Fighting the inspection wars

- Last modified: April 11, 2013 at 11:49 AM

I was asked again by a reader about the wisdom of requesting “too many” home inspections while negotiating to purchase a property.

Indeed, property inspections have become a major deciding factor in the ultimate success of a real estate transaction, perhaps even the second-most behind the mortgage contingency clause in the contract to purchase.

It wasn’t always that way, however.

In the 1980s, the home inspection industry began to grow as contractors were asked by home buyers to review properties for defects in construction. Over time, the number and scope of inspections has also grown, to the point where there are virtually unlimited ways a buyer can have a property “checked out.” Here in Central PA, we see about half-a-dozen common procedures that can be elected right on the purchase agreement form.

However, sellers don’t always feel so great about these.

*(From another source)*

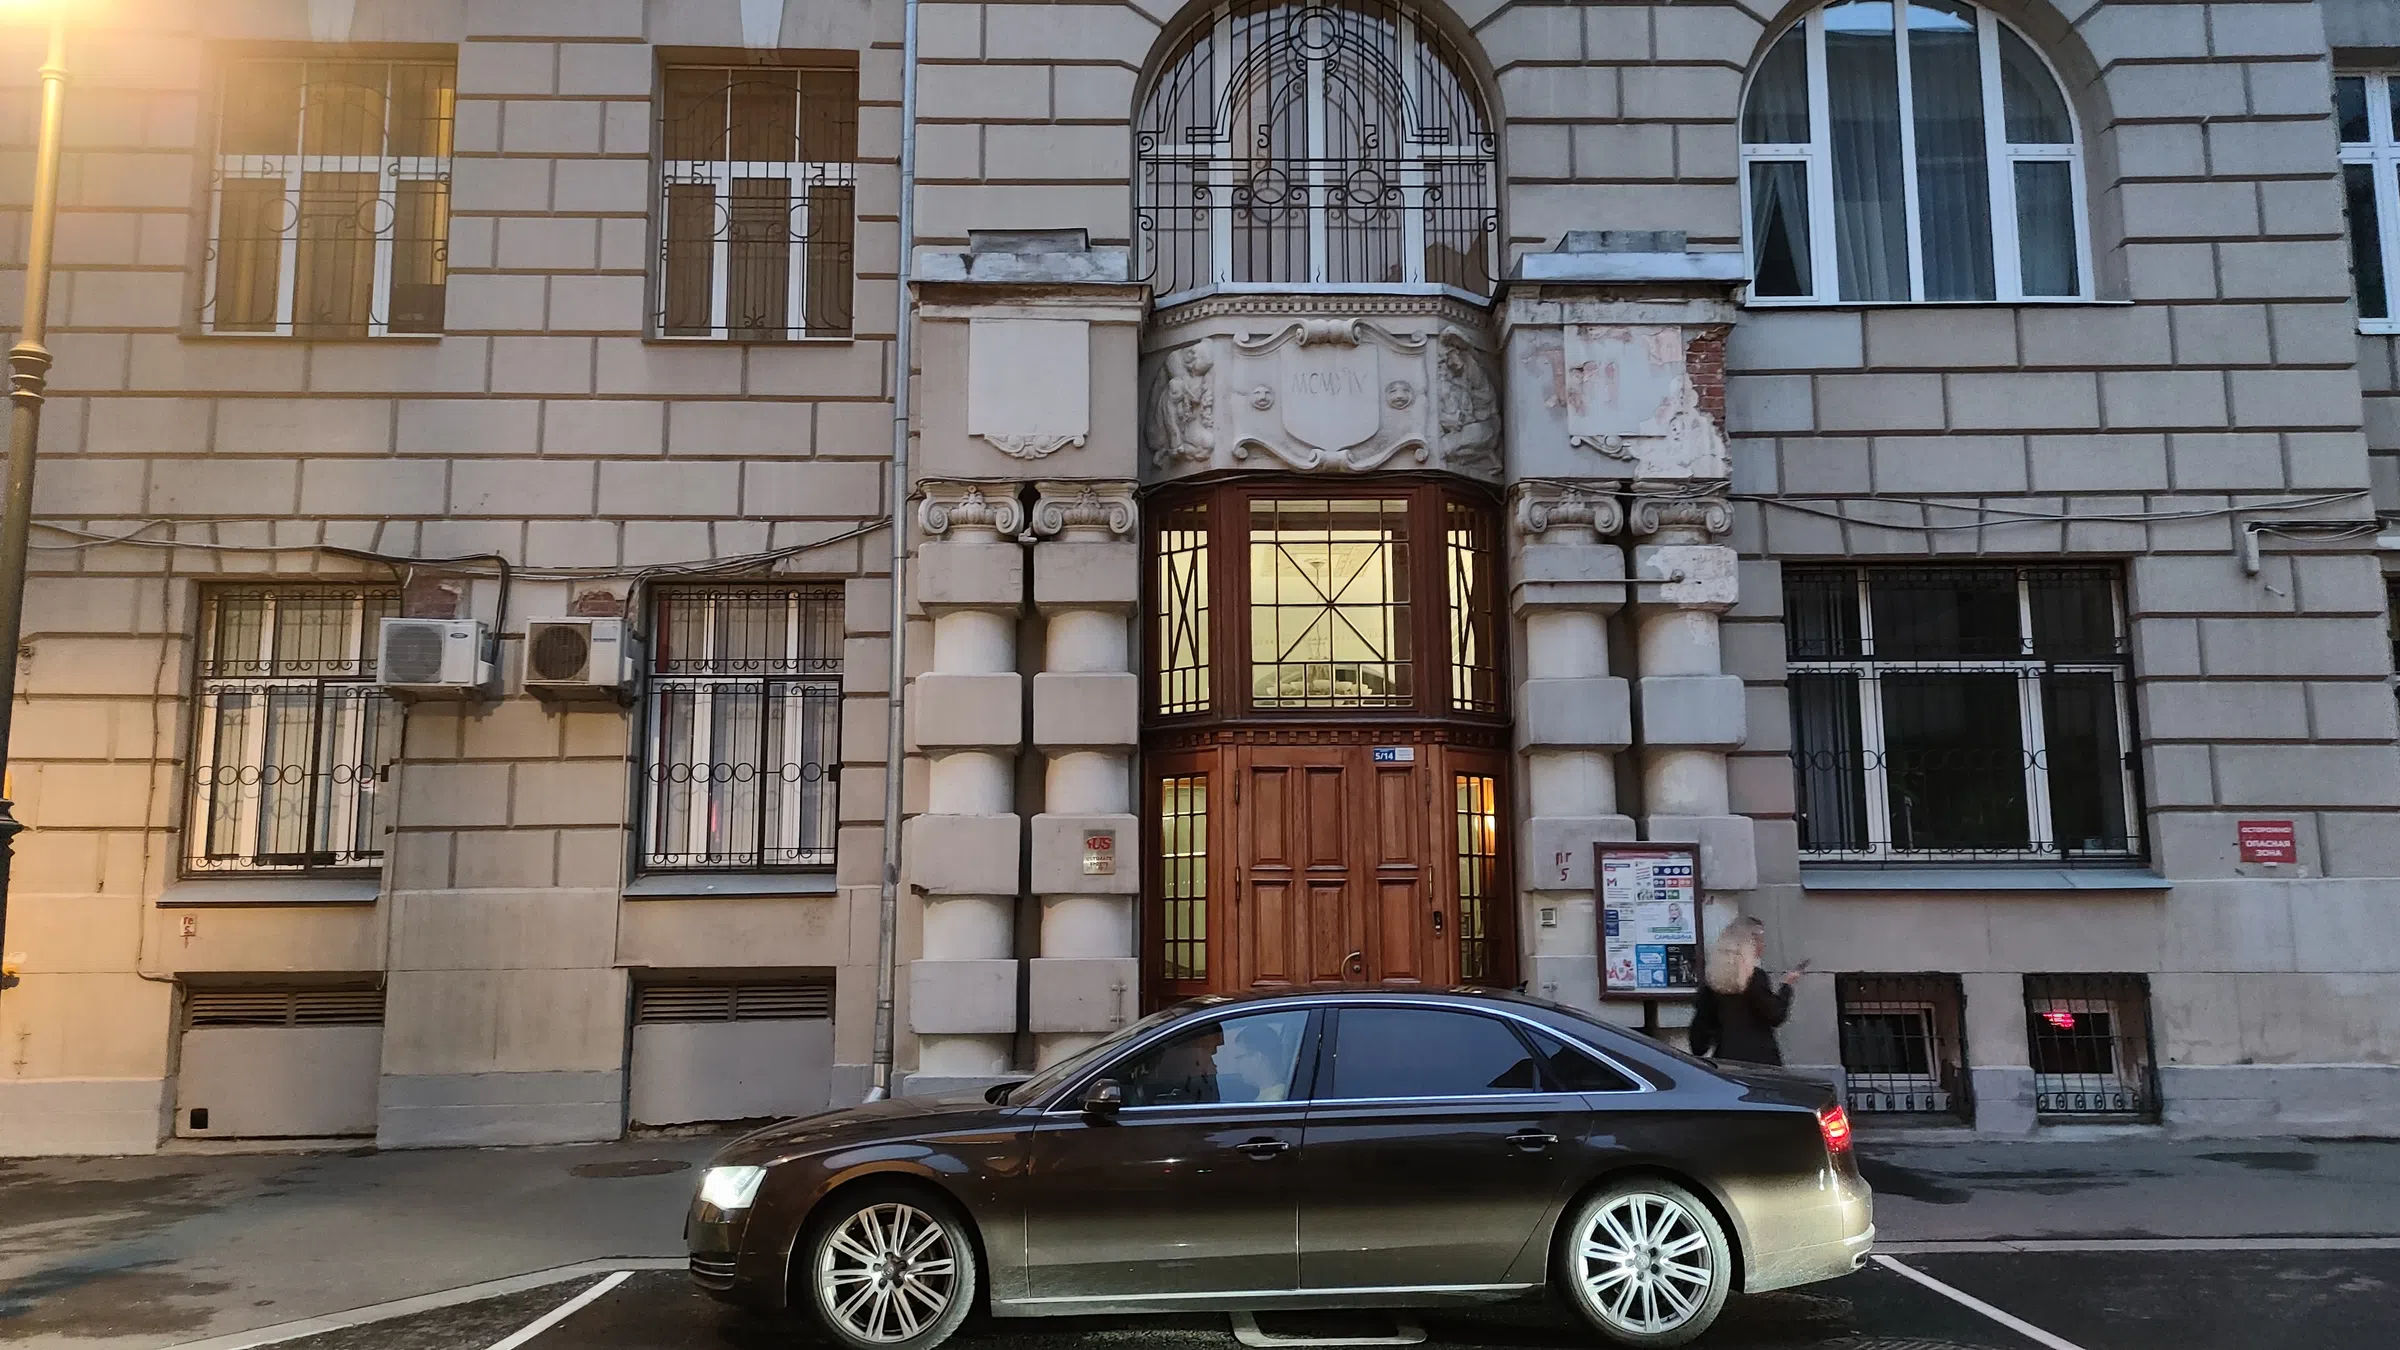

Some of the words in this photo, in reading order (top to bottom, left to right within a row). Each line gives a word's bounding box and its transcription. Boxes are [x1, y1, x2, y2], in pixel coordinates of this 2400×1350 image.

[1375, 752, 1394, 760] 5/14
[2246, 840, 2291, 848] ОПАСНАЯ
[2255, 849, 2283, 857] ЗОНА

Over the last five to seven years (really, since they were added to the contract forms, IMHO) property inspections have become bargaining chips or worse, “deal killers” when wielded by savvy buyers. Here’s what happens: The buyer and seller negotiate an agreement to sell with set terms (most importantly, financial). Then the buyer conducts the agreed-upon inspections and demands another round of negotiations, usually at the seller’s expense.

For many upfront sellers, this is a bridge too far and has prompted some backlash against the due diligence process over recent years.

So what’s the best way to fight the inspection wars? In my experience with both sellers and buyers, I would suggest that setting limits to the post-inspection negotiations while encouraging more dialogue during the contract phase is a great combination -- sellers who aren’t hiding anything but recognize their property may have a surprise or two and are willing to make the fixes; and buyers who aren’t looking to use inspections as a weapon but merely as the tool for their due diligence.

The end goal, one sincerely hopes, is for satisfied parties and a sold property with no surprises.